A jovem cresceu junto do irmão, apenas 11 meses mais novo, com quem partilha "todas as memórias" mais marcantes da infância.
Apesar de ter crescido rodeada de primos dentro da comunidade cigana, Talina diz que a maioria dos seus amigos sempre esteve fora dela.
"Sempre nos integrámos muito bem", afirma, referindo-se também ao seu irmão, acrescentando que ainda hoje mantém amizades desde os tempos da primária.
A estudante considera ter tido uma boa experiência no sistema de ensino, com professores que nunca fizeram distinção entre alunos ciganos e não ciganos.
Recorda, no entanto, um episódio no segundo ano de escolaridade, quando uma mãe se opôs a que fosse integrada na turma da filha por temer que "ia destabilizar" o grupo.

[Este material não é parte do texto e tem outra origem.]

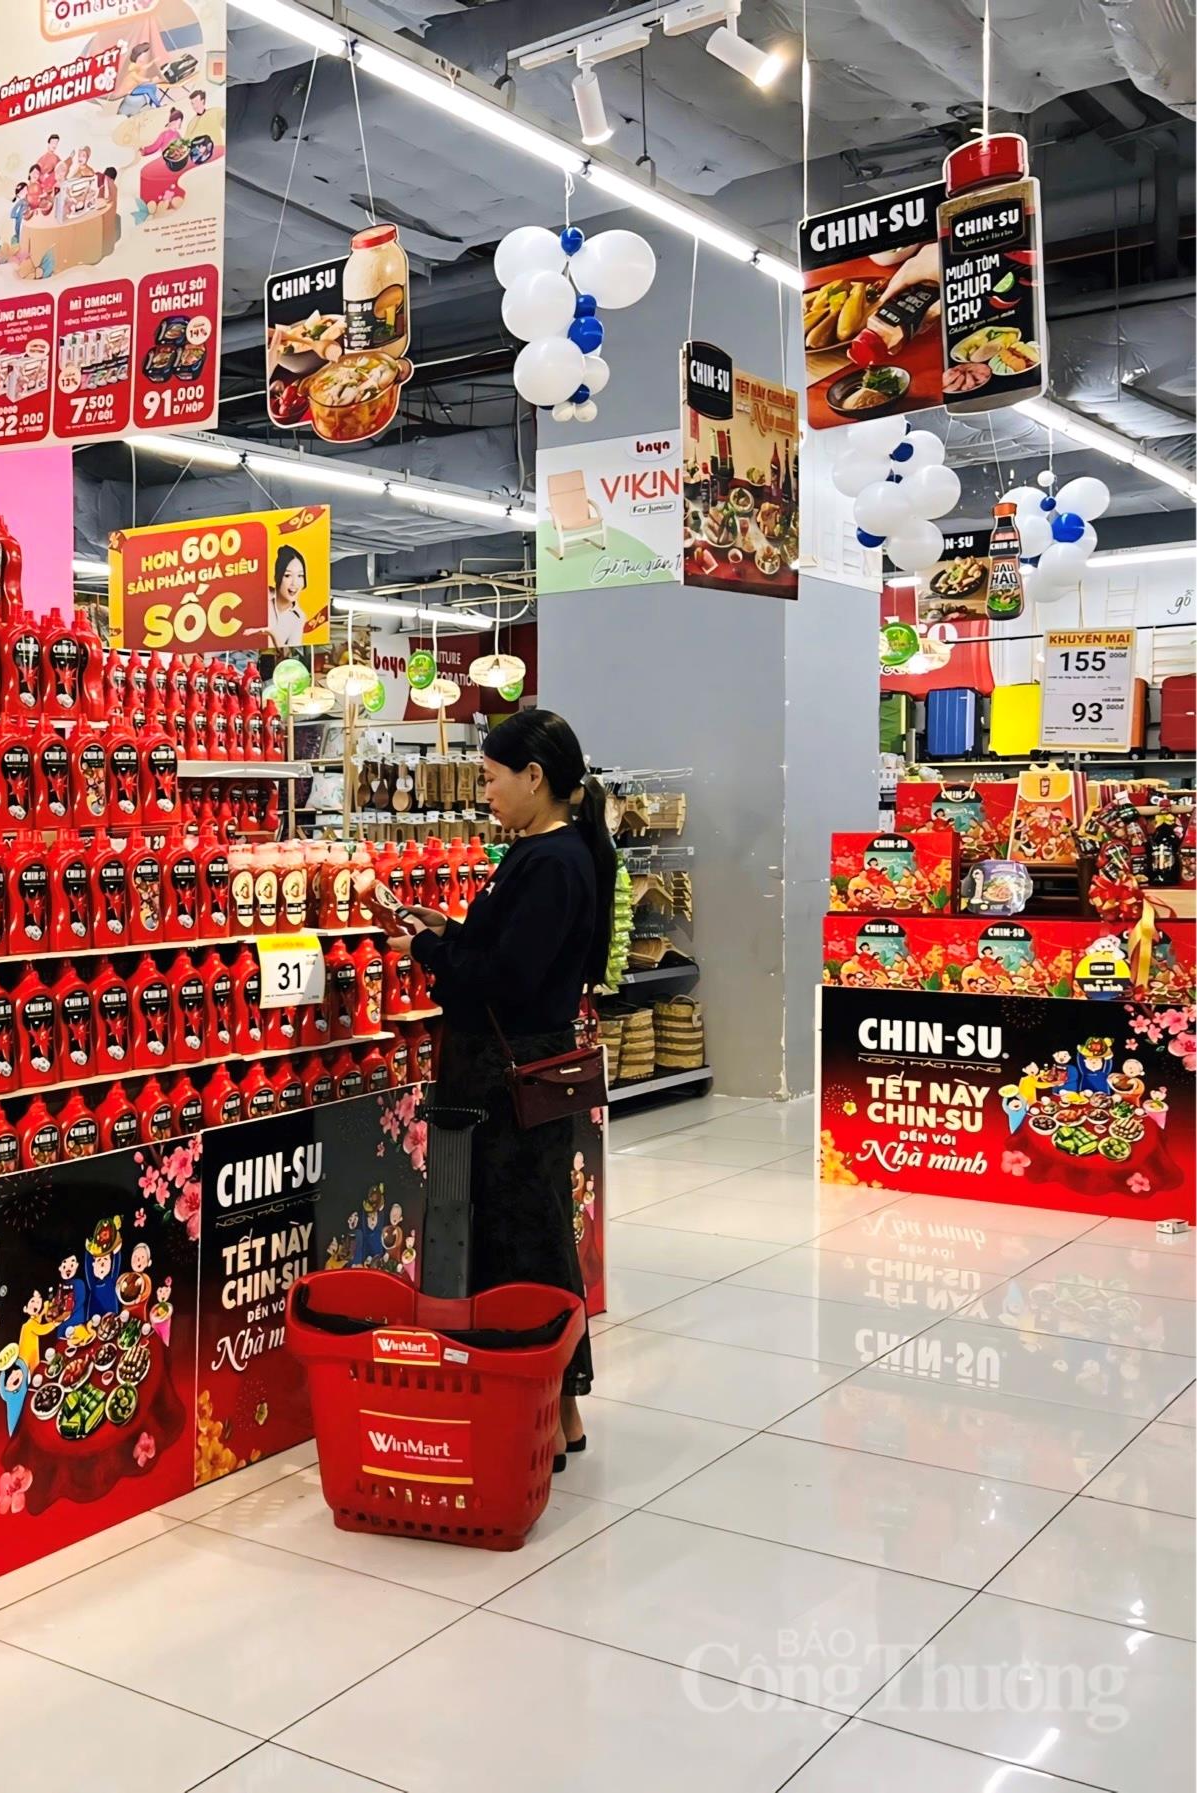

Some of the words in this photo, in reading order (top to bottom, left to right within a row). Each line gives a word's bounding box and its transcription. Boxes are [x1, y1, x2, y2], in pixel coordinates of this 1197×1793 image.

[60, 56, 92, 80] NGÀY
[95, 46, 120, 68] TẾT
[8, 103, 21, 118] LÀ
[24, 76, 92, 113] OMACHI
[810, 198, 925, 252] CHIN-SU
[954, 208, 1019, 238] CHIN-SU
[946, 258, 973, 282] MUỐI
[975, 253, 1000, 273] TÔM
[189, 276, 207, 291] SÔI
[272, 268, 336, 301] CHIN-SU
[947, 272, 991, 304] CHUA
[16, 304, 52, 320] OMACHI
[69, 295, 82, 311] MÌ
[84, 292, 123, 308] OMACHI
[151, 292, 204, 314] OMACHI
[947, 298, 982, 326] CAY
[60, 376, 78, 387] 13%
[690, 359, 730, 393] CHIN-SU
[600, 468, 679, 504] VIKIN
[141, 551, 178, 573] HƠN
[181, 528, 242, 564] 600
[127, 575, 154, 595] SẢN
[156, 566, 196, 590] PHẨM
[198, 562, 223, 584] GIÁ
[225, 558, 259, 576] SIÊU
[142, 583, 243, 649] SỐC
[1049, 632, 1102, 644] KHUYẾN
[373, 648, 406, 678] baya
[1060, 651, 1106, 672] 155
[1072, 702, 1103, 723] 93
[873, 839, 908, 849] CHIN-SU
[864, 924, 900, 934] CHIN-SU
[988, 927, 1024, 938] CHIN-SU
[278, 962, 301, 991] 31
[858, 1017, 1002, 1059] CHIN-SU
[858, 1056, 905, 1065] NGON
[866, 1071, 922, 1102] TẾT
[929, 1078, 990, 1108] NÀY
[867, 1102, 983, 1133] CHIN-SU
[899, 1129, 928, 1142] ĐẾN
[932, 1133, 956, 1146] VỚI
[855, 1139, 923, 1173] Nhà
[927, 1149, 988, 1175] mình
[216, 1141, 323, 1208] CHIN-SU
[222, 1227, 266, 1276] TẾT
[270, 1220, 314, 1261] NÀY
[222, 1257, 308, 1310] CHIN-SU
[247, 1302, 269, 1324] ĐẾN
[271, 1296, 286, 1314] VỚ
[211, 1326, 265, 1372] Nhà
[377, 1338, 428, 1353] WinMart
[367, 1430, 451, 1457] WinMart

Na altura, os pais protegeram-na da situação, e só anos mais tarde soube o que realmente tinha acontecido.
"Isso fez-me refletir", explicou.
Segundo a jovem ativista, esse foi o momento em que diz ter percebido que existia uma diferença de tratamento que "não devia haver, mas que realmente havia".
Para Talina, "não é uma etnia ou uma cor que vai definir as pessoas".